About the only areas that I know that are open to hunting are the national forests nearby, and as far as duck hunting Sam Rayburn and Toledo Bend are an hours drive from here. Now who to contact about hunting these areas I don't know.. one suggestion would be to contact the TP&W, they'll be able to tell you a lot more that I can.


----------



## mwaites (Apr 25, 2006)

There are lots of places to duck hunt... that is one reason i went to school there. of course that was many years ago. North end of Rayburn is only 30 min. Toledo, Murval etc. Get some maps and spend some time on the road. Oh, and a boat is a big help.


----------



## copano_son (Dec 17, 2007)

I went to school at SFA. Like mentioned above, any of the lakes in the area are good for duck hunting. You'll have to do some scouting to be productive though.

Take a class in the Forestry building, and you'll meet plenty of guys, and girls, that enjoy hunting and fishing. This will be the best way to get good information on hunting in the area. Plus, you may get an invite to hunt private land. There are a lot of guys from East Texas attending SFA, and are familiar with the area. 

Good Luck


----------



## mark waring (Jul 31, 2006)

Marshhunter, the guys are right! Lots of places to hunt for both.
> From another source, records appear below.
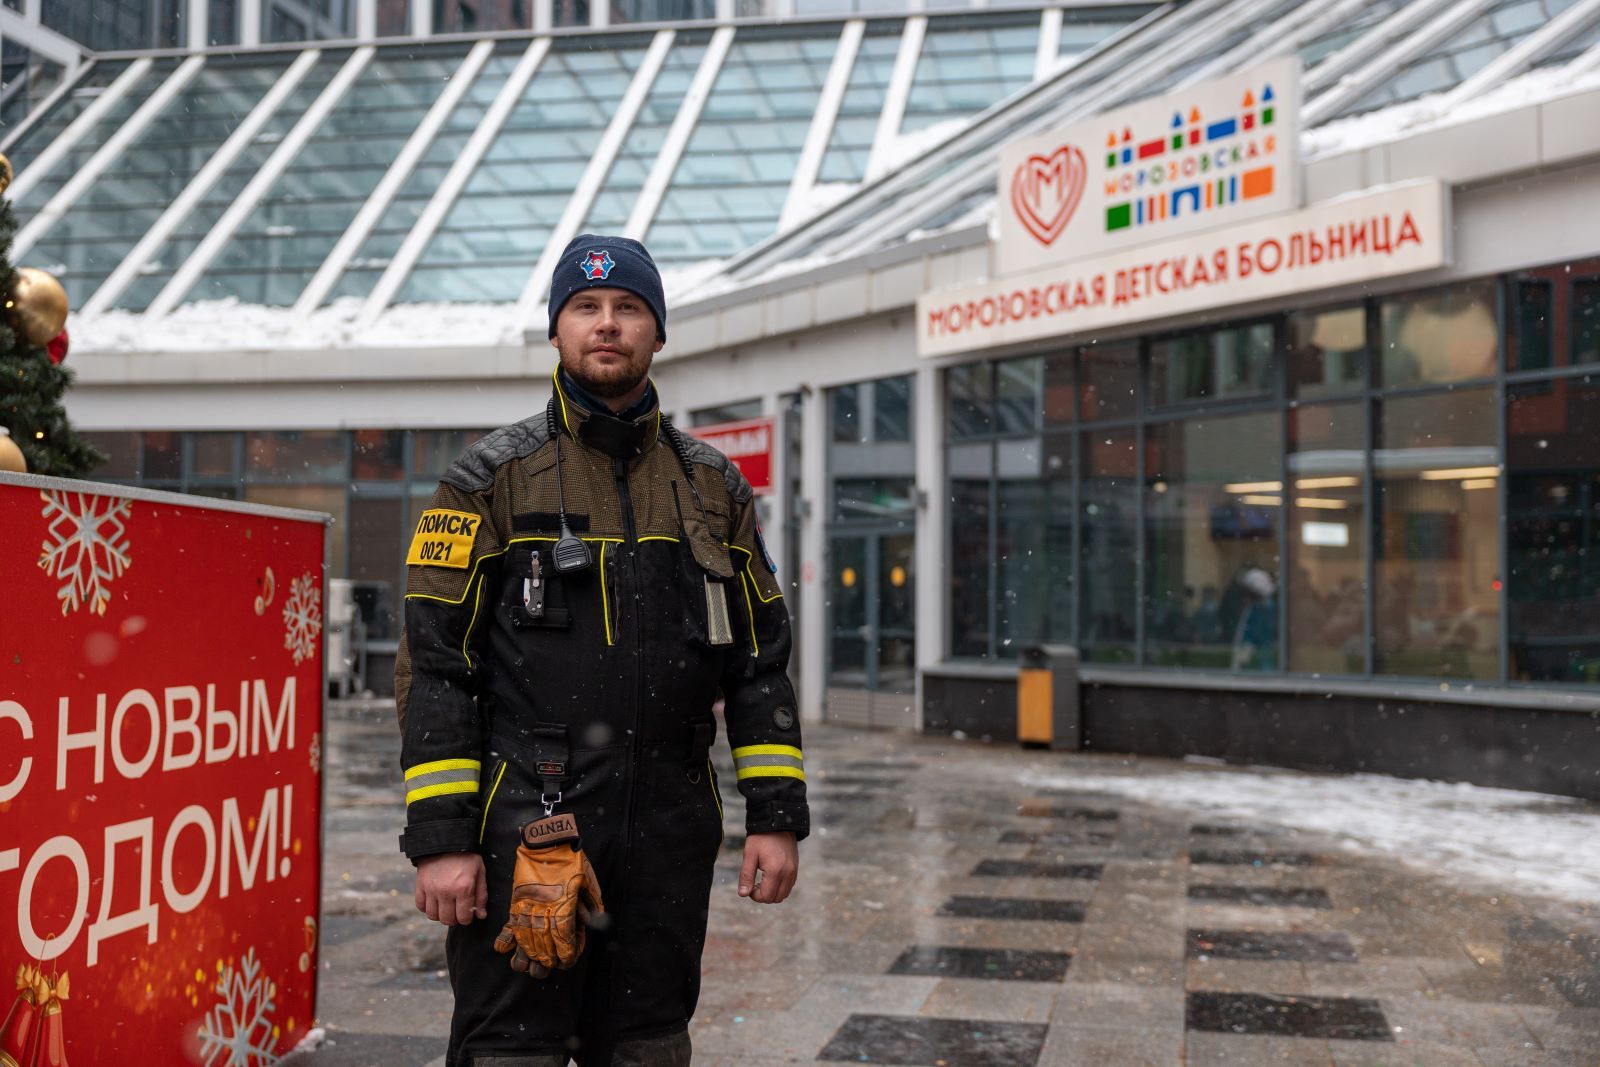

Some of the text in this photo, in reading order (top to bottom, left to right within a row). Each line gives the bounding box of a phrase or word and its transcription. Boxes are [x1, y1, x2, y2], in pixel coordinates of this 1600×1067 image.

[927, 212, 1422, 337] МОРОЗОВСКАЯ ДЕТСКАЯ БОЛЬНИЦА
[418, 514, 476, 536] ПОИСК
[420, 541, 453, 561] 0021
[56, 676, 297, 791] НОВЫМ
[529, 819, 574, 838] VENTO
You will find plenty of people with info and willing to share it. I live in Nac on the north end of Rayburn and work at SFA. One piece of advise I want to give is this. After scouting, be sure to check boat and especially trailer for Giant Sylvania. Google it and be informed about it. It is transported from lake to lake on unchecked trailers, gear etc. We can no longer hunt many of our favorite spots because of it. Ive seen it first hand and its sad! TPWD is spraying it and we are hoping that helps. Hope this helps and good luck


----------



## chuck leaman (Jul 15, 2004)

Get your Type 2 permit and start scouting. I think SFA has a DU chapter as well so join and get to know those folks. There is lots of national forest land around there.


----------



## specked.out130 (Dec 16, 2007)

Shoot me a pm and I will tell you some good areas around Nacogdoches. I graduated from SFA with a Forestry Wildlife Degree in 2004, and used to duck and deer hunt while studying on public land. I can give you some decent spots to start looking.


----------



## AvianQuest (Feb 7, 2006)

For starters, an easy place where you don't need a boat...
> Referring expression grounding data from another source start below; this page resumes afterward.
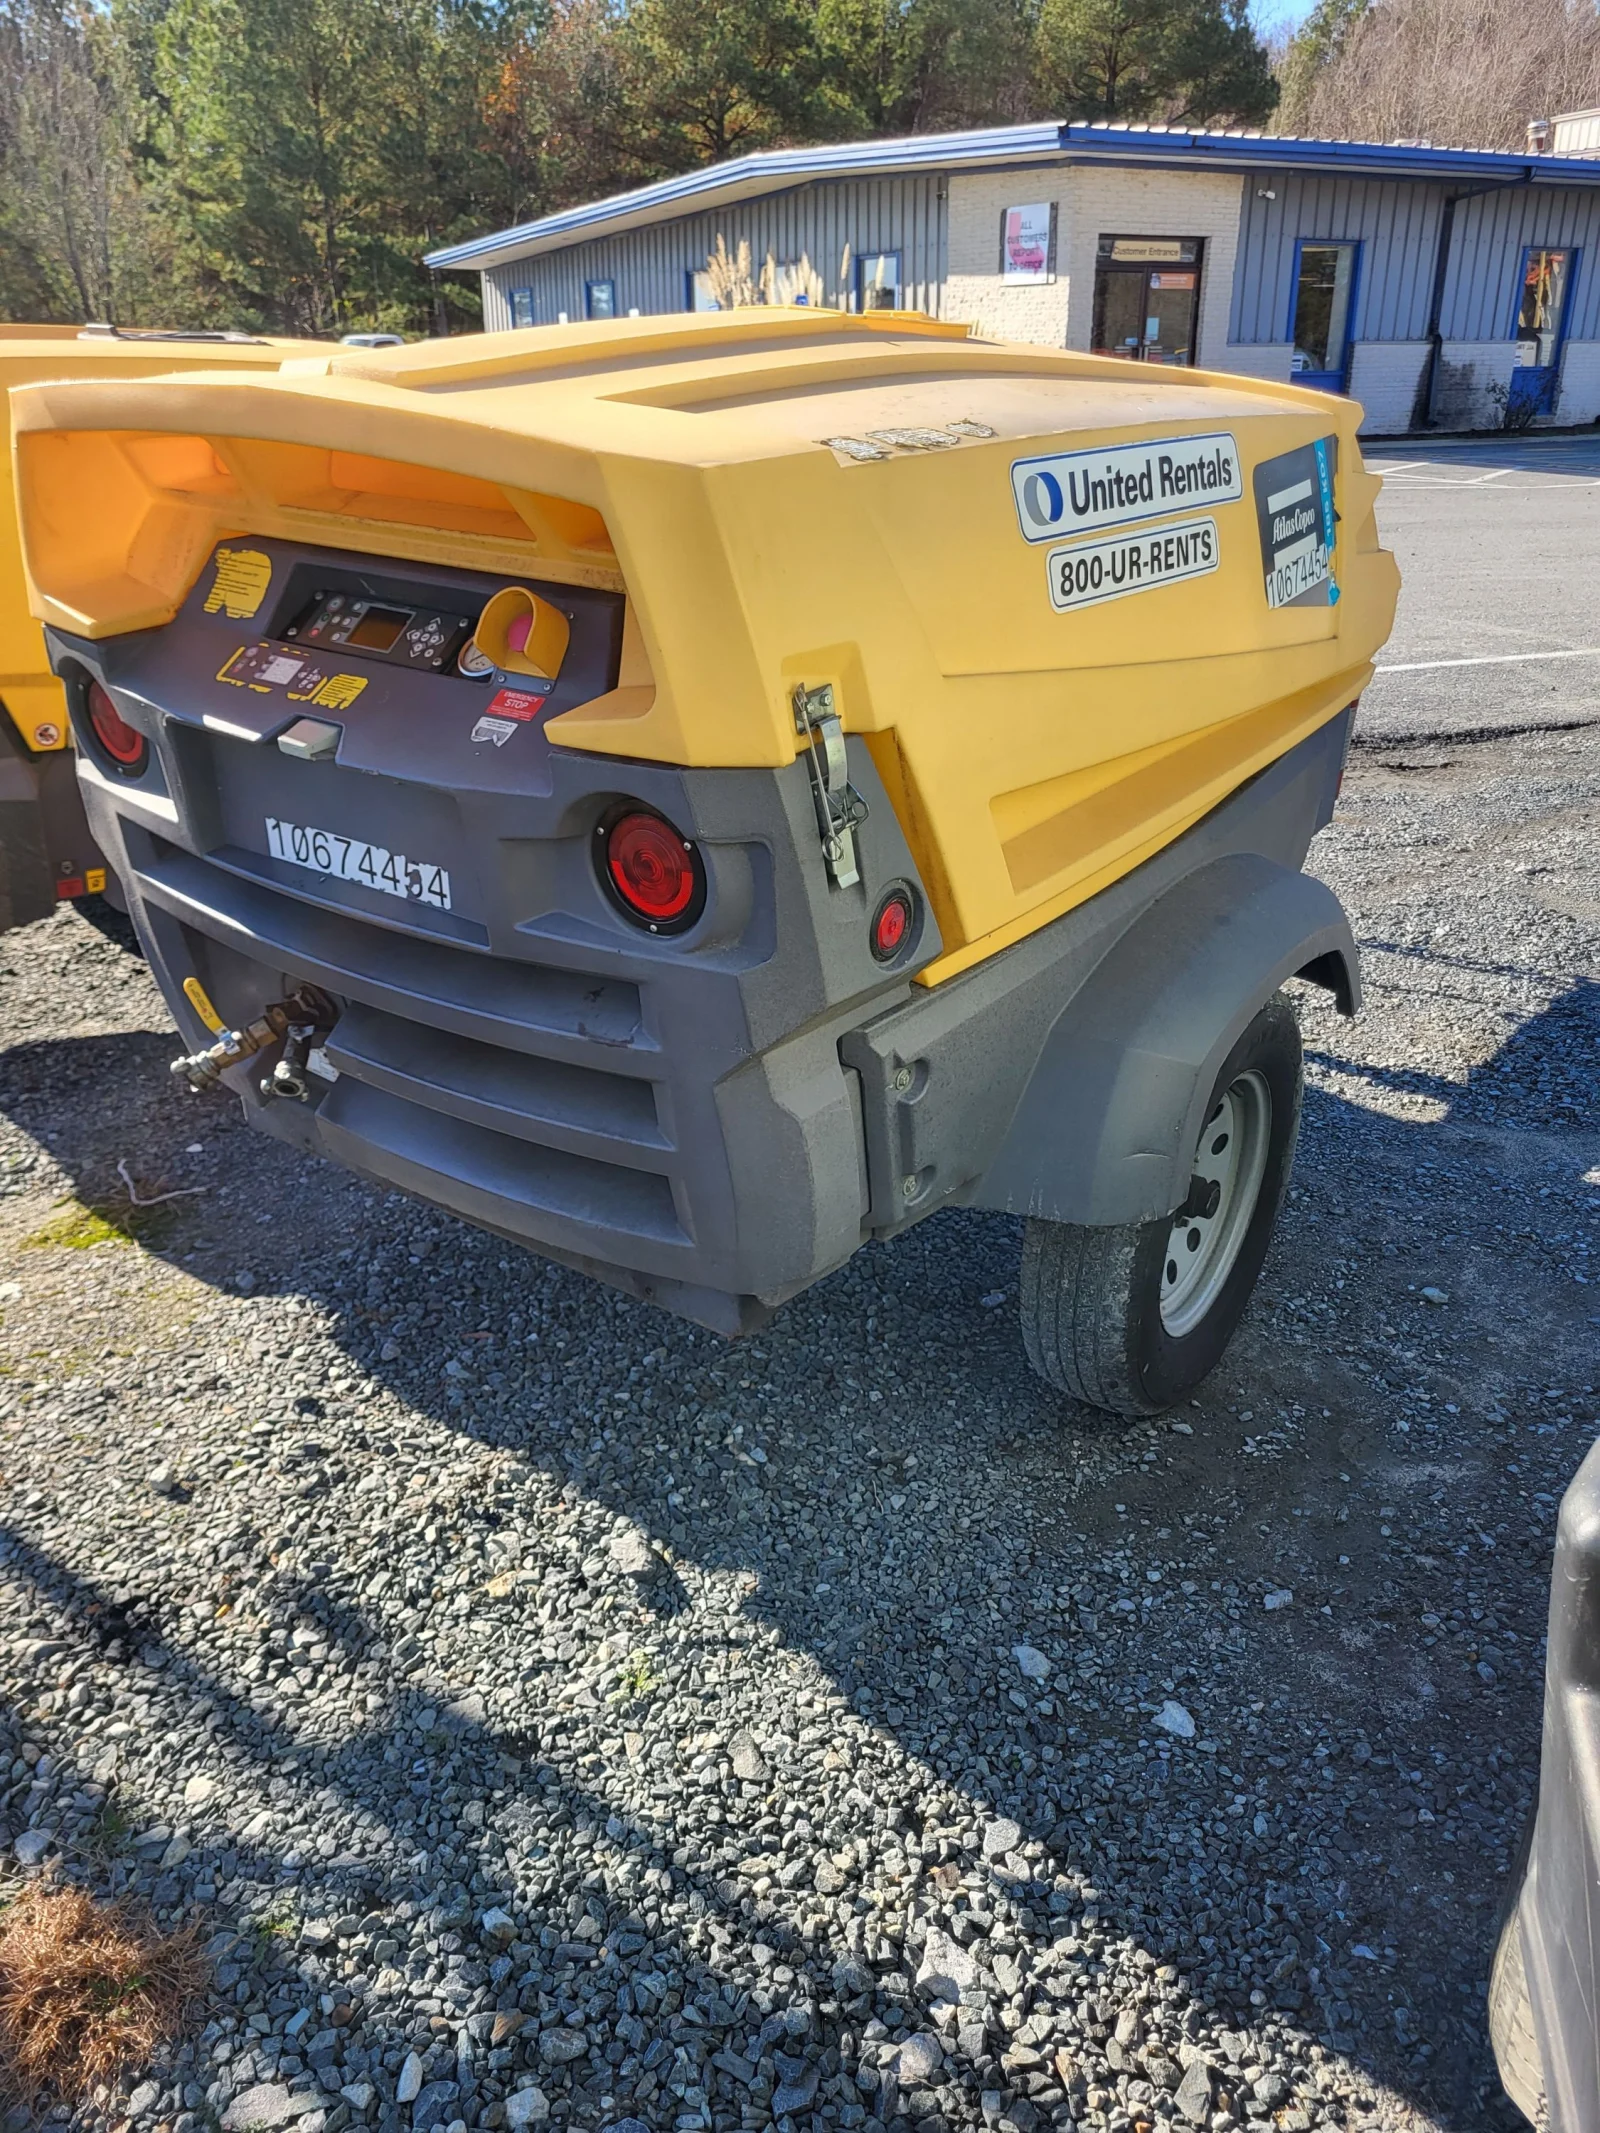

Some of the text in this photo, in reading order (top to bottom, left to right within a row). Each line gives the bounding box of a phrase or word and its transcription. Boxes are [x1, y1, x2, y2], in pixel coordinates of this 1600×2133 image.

[1020, 220, 1033, 230] ALL
[1007, 232, 1048, 244] CUSTOMERS
[1012, 247, 1040, 257] REPORT
[1113, 246, 1179, 257] Customer Entrance
[1009, 259, 1043, 271] TO OFFICE
[1068, 448, 1232, 516] United Rentals
[1060, 529, 1212, 597] 800-UR-RENTS
[1268, 544, 1328, 607] 10674454
[504, 691, 538, 702] EMERGENCY
[504, 699, 529, 709] STOP
[271, 821, 448, 907] 10674454
http://www.ducks.org/Texas/TexasProjects/1530/AlazanBayouWMA.html

Check out regs from TPWD.


----------



## SeanSFA (Oct 7, 2009)

you can wade in at davey crockett national park outside of alto. murval was decent last year. rayburn kinda sucked. **** b was ok... early teal was good on the rivers then it sucked till after split.....best early teal season ever rest of the was weak till late after the split


----------



## A Draper (Aug 14, 2007)

Marsh is coming to east texas to study not hunt ducks and deer. He just wants to make sure there are no opprotunities around that may distract him from his course work


----------



## justinsfa (Mar 28, 2009)

When that first day of class hits and you see what running around on campus, trust me, hunting will be the last thing on your mind....

I think I was in full rut for 5 years non stop up there.


----------